**WORK TO COMPLETE:**
Reproduce the entire listing exactly. Leave the pictures out.

Segment Start: STORED DATA

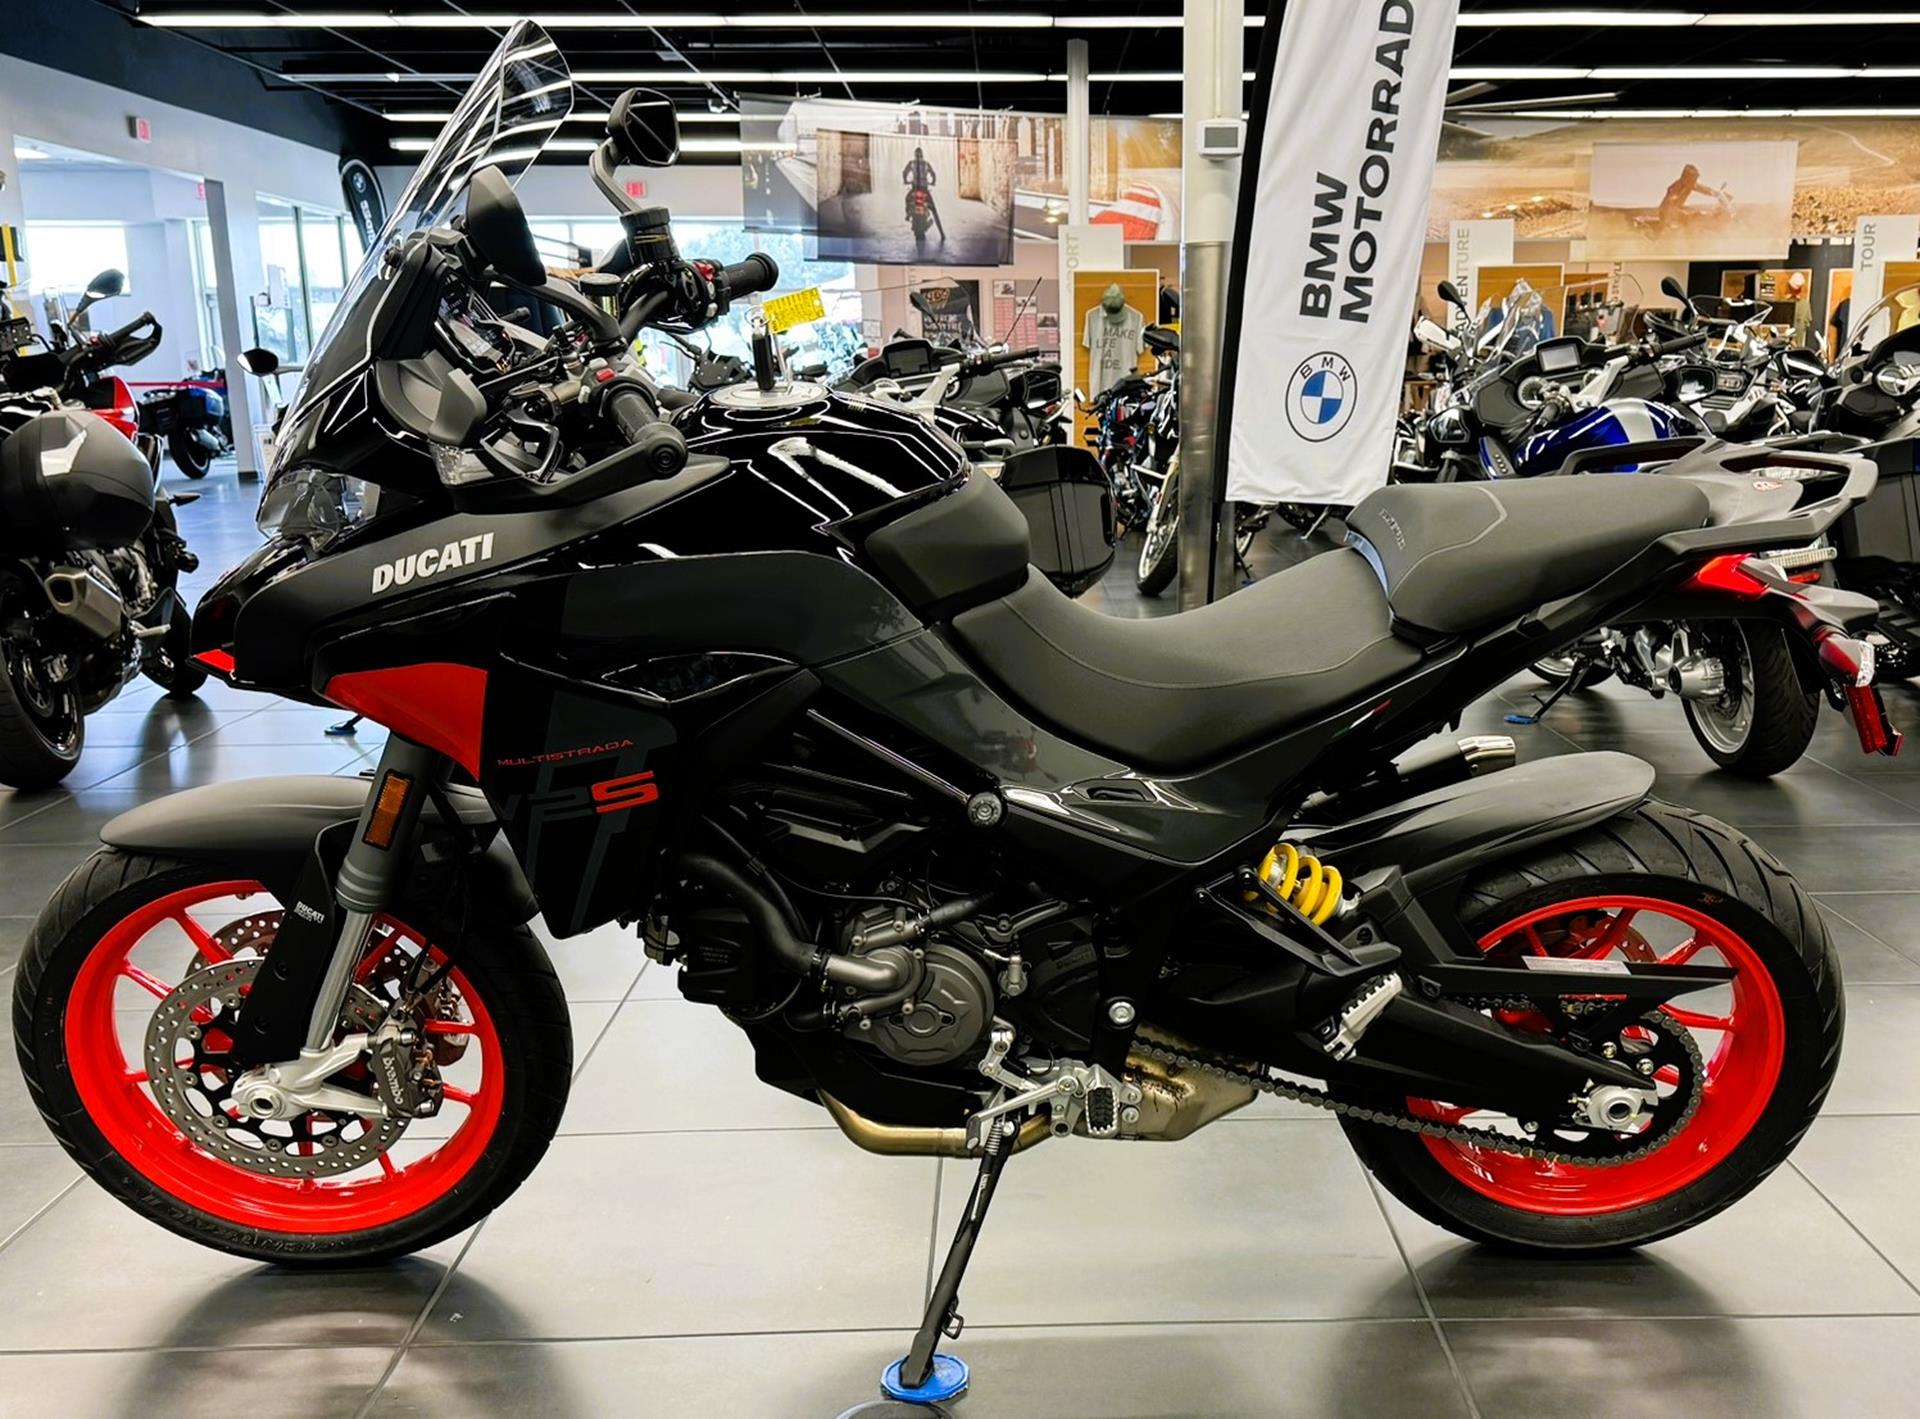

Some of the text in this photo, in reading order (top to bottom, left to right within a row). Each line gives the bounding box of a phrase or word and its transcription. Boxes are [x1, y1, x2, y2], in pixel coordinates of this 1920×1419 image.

[1339, 0, 1414, 323] MOTORRAD
[1299, 171, 1348, 318] BMW
[1860, 223, 1876, 271] TOUR
[1103, 327, 1135, 340] MAKE
[1300, 356, 1351, 382] BMW
[372, 532, 494, 594] DUCATI
[497, 739, 634, 766] MULTISTRADA
[297, 901, 325, 923] DUCATI
[382, 1057, 404, 1105] brembo

Segment End: STORED DATA

**EXERCISE OUTPUT:**
Some of the text in this photo, in reading order (top to bottom, left to right within a row). Each line gives the bounding box of a phrase or word and its transcription. Boxes are [x1, y1, x2, y2], in pixel coordinates of this 1920×1419 image.

[1339, 0, 1414, 323] MOTORRAD
[1299, 171, 1348, 318] BMW
[1860, 223, 1876, 271] TOUR
[1103, 327, 1135, 340] MAKE
[1300, 356, 1351, 382] BMW
[372, 532, 494, 594] DUCATI
[497, 739, 634, 766] MULTISTRADA
[297, 901, 325, 923] DUCATI
[382, 1057, 404, 1105] brembo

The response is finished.